Pensamentos soltos IV: Paz Podre

 Fotografia de Pedro Fonseca

A minha avó era uma mulher de fé. A sua igreja ficava num dos seminários de Coimbra. No terreno, uma pequena horta e pomar dava, por vezes, em excesso. Nada se estragava. Os devotos levavam sempre mais do que a homilia nos ouvidos. Levavam sacos nas mãos, com fruta comprada por preços meramente simbólicos. Em alguns casos, o padre chegava a oferecer, para que não se estragasse.

Lembro-me de estar em casa, pagã como sou, e da entrada sorridente dela, pousando um saco na mesa.

- Hoje, na igreja, deram-me tangerinas.

E logo o meu humor sobrepôs o politicamente correto.

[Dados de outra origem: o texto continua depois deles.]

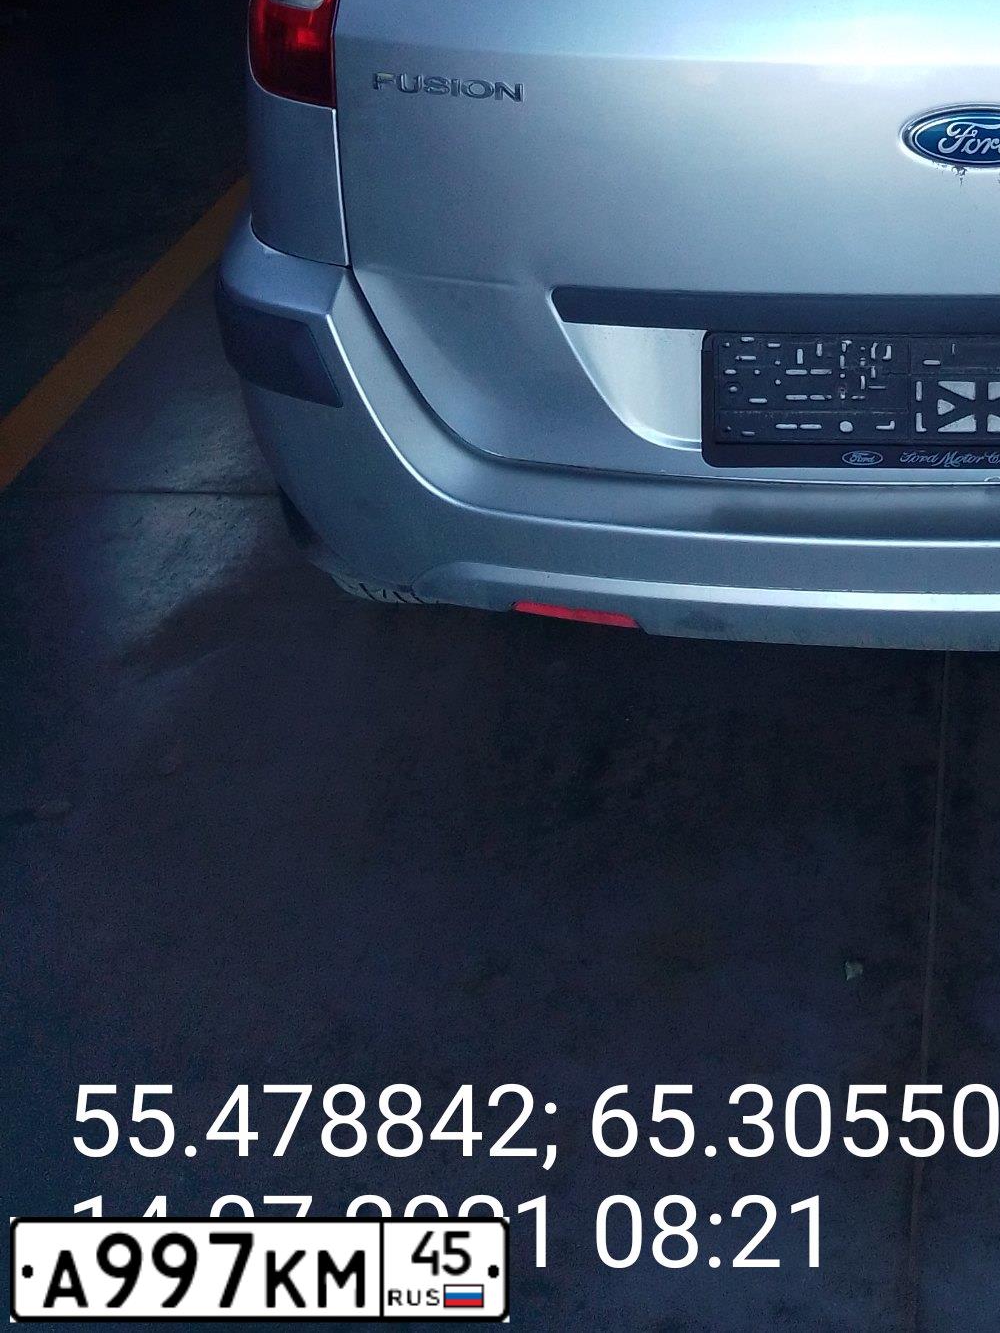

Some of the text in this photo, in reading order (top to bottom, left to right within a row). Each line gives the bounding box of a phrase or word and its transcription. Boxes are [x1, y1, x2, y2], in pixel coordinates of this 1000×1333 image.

[372, 70, 525, 103] FUSION
[900, 451, 939, 464] Ford
[931, 451, 985, 468] Motor

- Então?! Acabaram as hóstias?

Ela olhou-me chocada durante alguns segundos. Depois riu-se. Almoçámos. A leveza de quem encontra a fé na partilha do Amor. Porque apenas o Amor é sagrado.

 

 

 

Não é muito frequente que as igrejas sejam como aquela que a minha avó frequentava. Dos meus tempos de frequência obrigatória nesses templos que me destinaram sem que os escolhesse, lembro-me mais vezes de me pedirem que desse algo, fosse tempo ou dinheiro, do que de me darem alguma coisa.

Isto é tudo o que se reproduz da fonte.